With the pictures left out, repeat every entry that follows exactly.

-----

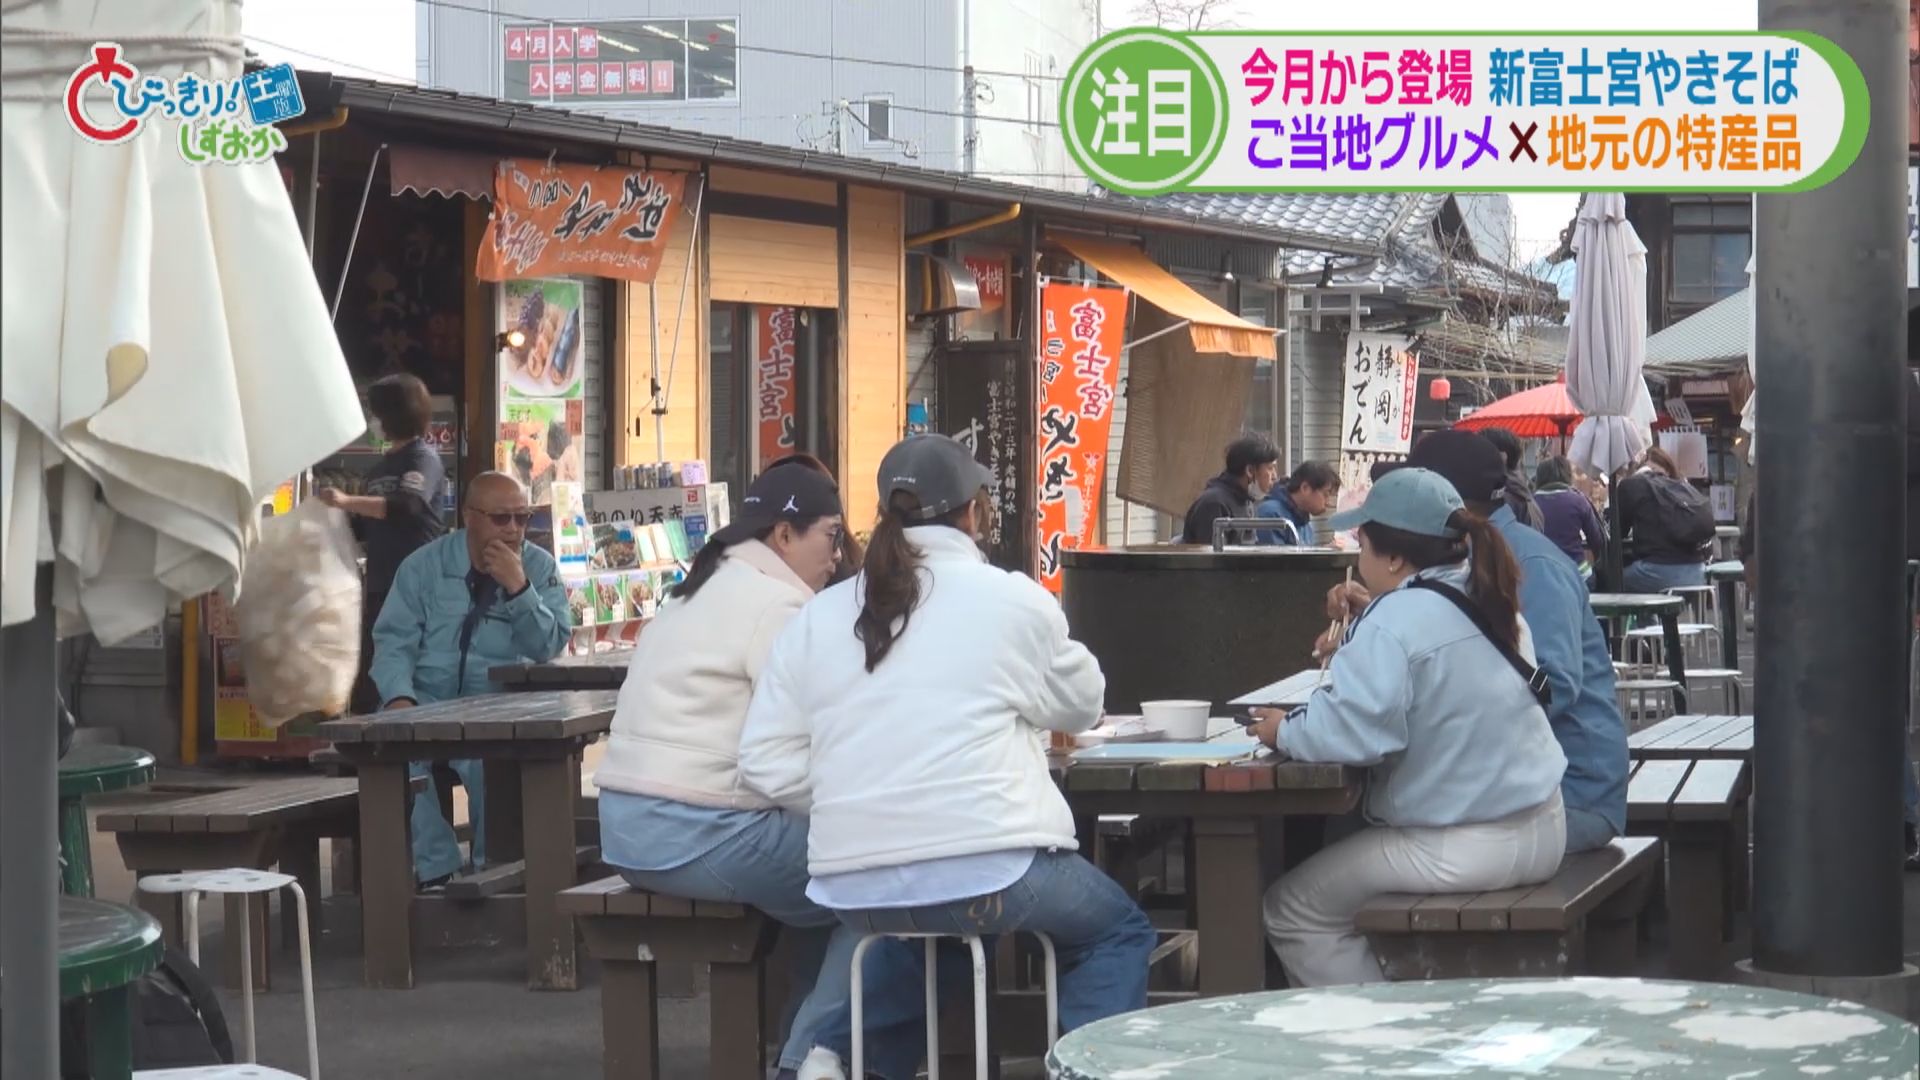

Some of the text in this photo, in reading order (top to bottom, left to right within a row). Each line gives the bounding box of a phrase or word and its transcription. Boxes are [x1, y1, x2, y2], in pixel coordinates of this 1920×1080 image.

[510, 34, 597, 54] 4月入学
[1071, 300, 1113, 419] 富士宮
[1349, 340, 1371, 445] おでん
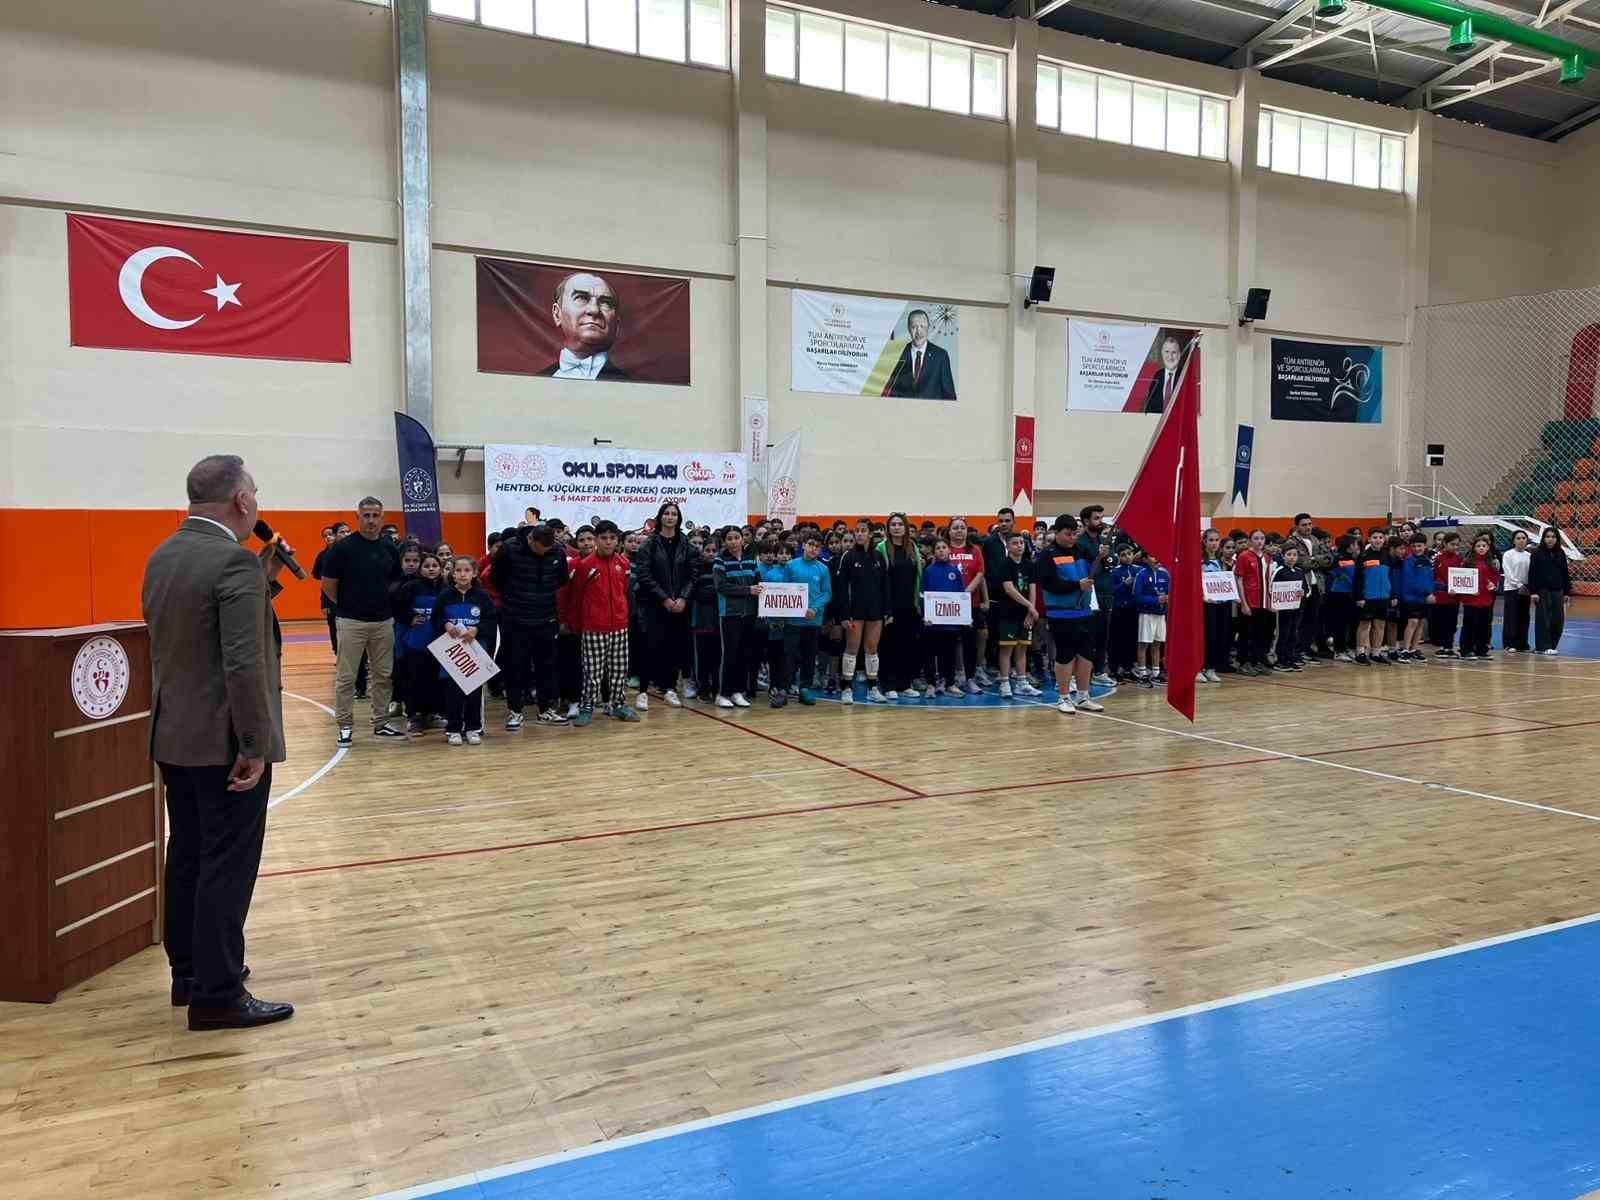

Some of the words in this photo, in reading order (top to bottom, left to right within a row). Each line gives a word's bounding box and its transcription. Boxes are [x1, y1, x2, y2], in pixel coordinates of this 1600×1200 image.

[606, 463, 678, 480] SPORLARI
[495, 483, 545, 493] HENTBOL
[547, 482, 600, 494] KÜÇÜKLER
[602, 485, 659, 496] (KIZ-ERKEK)
[660, 486, 686, 495] GRUP
[689, 487, 737, 497] YARIŞMASI
[567, 495, 592, 503] MART
[618, 496, 657, 504] KUŞADASI
[663, 496, 688, 504] AYDIN
[764, 594, 803, 609] ANTALYA
[935, 601, 961, 617] İZMİR
[445, 643, 480, 678] AYDIN
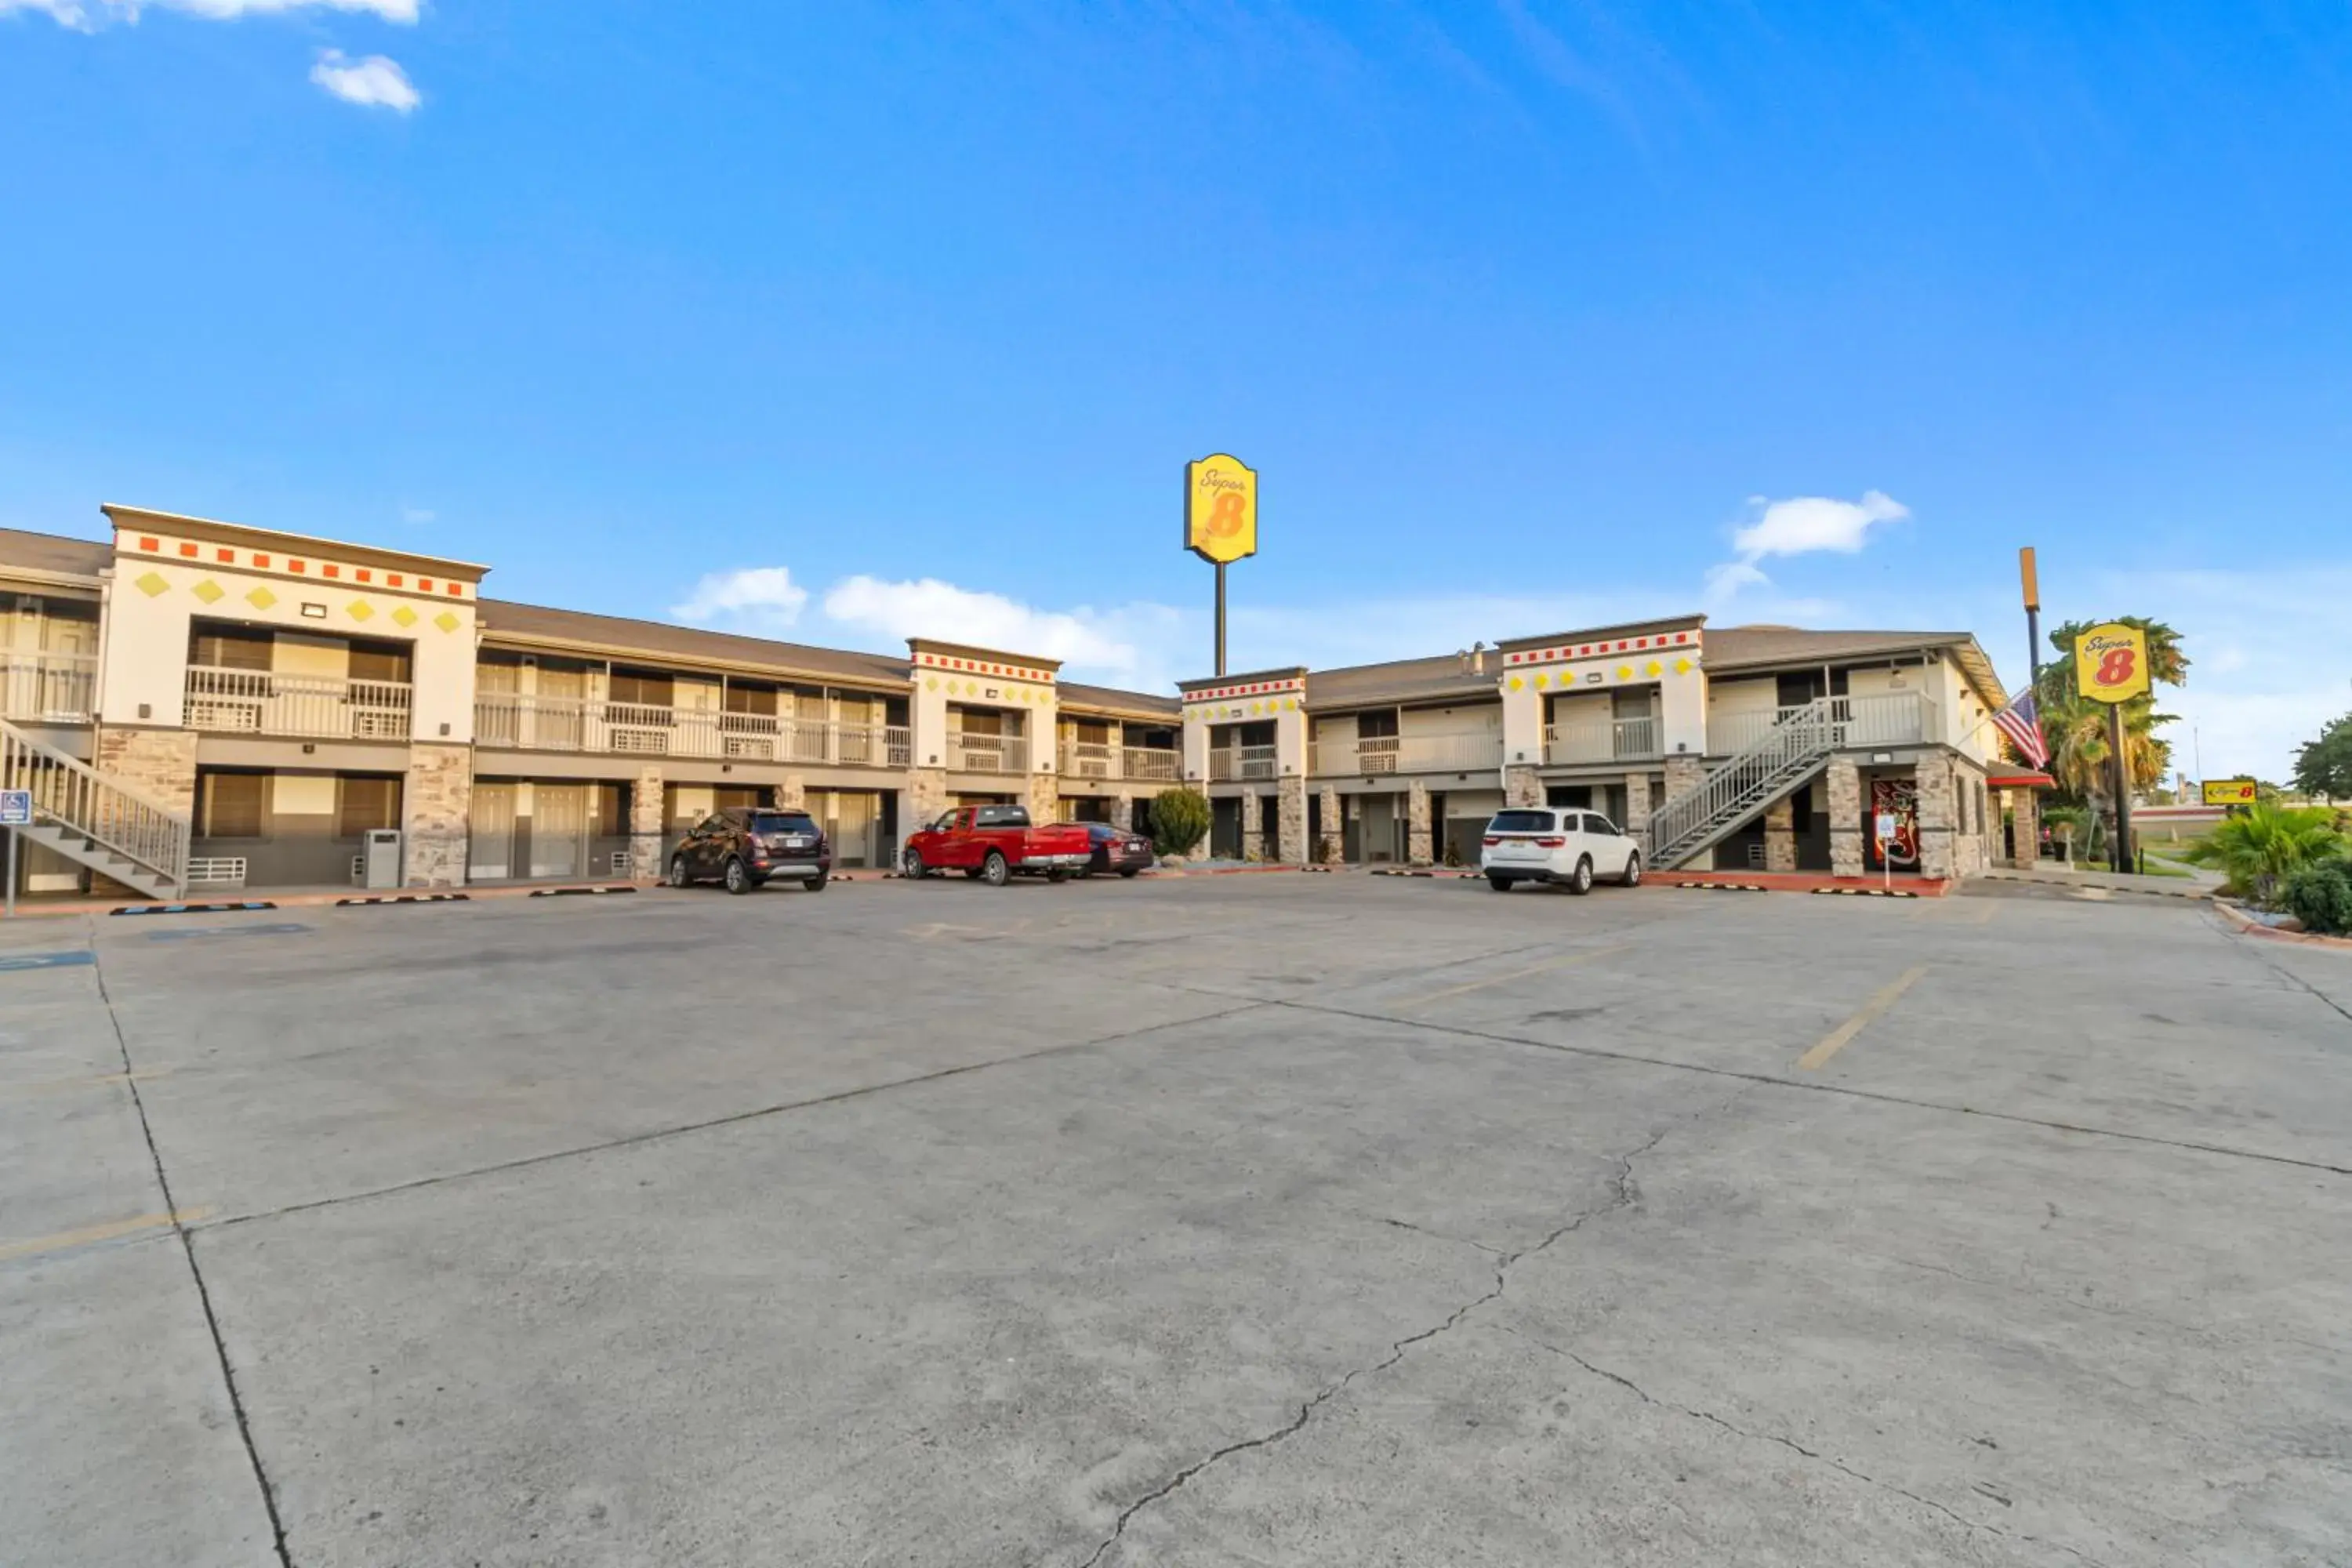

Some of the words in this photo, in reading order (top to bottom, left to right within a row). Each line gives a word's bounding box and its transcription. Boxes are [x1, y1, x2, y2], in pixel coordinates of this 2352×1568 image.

[1200, 468, 1247, 497] Super
[1208, 492, 1247, 538] 8
[2085, 635, 2133, 657] Super
[2096, 647, 2136, 686] 8

-----

Completed task
Some of the text in this photo, in reading order (top to bottom, left to right within a row). Each line gives the bounding box of a phrase or word and its transcription. Boxes are [x1, y1, x2, y2], in pixel coordinates of this 1920×1080 image.

[510, 34, 597, 54] 4月入学
[1071, 300, 1113, 419] 富士宮
[1349, 340, 1371, 445] おでん

Some of the words in this photo, in reading order (top to bottom, left to right within a row). Each line gives a word's bounding box and its transcription. Boxes are [x1, y1, x2, y2], in pixel coordinates of this 1600×1200 image.

[606, 463, 678, 480] SPORLARI
[495, 483, 545, 493] HENTBOL
[547, 482, 600, 494] KÜÇÜKLER
[602, 485, 659, 496] (KIZ-ERKEK)
[660, 486, 686, 495] GRUP
[689, 487, 737, 497] YARIŞMASI
[567, 495, 592, 503] MART
[618, 496, 657, 504] KUŞADASI
[663, 496, 688, 504] AYDIN
[764, 594, 803, 609] ANTALYA
[935, 601, 961, 617] İZMİR
[445, 643, 480, 678] AYDIN

Some of the words in this photo, in reading order (top to bottom, left to right within a row). Each line gives a word's bounding box and its transcription. Boxes are [x1, y1, x2, y2], in pixel coordinates of this 2352×1568 image.

[1200, 468, 1247, 497] Super
[1208, 492, 1247, 538] 8
[2085, 635, 2133, 657] Super
[2096, 647, 2136, 686] 8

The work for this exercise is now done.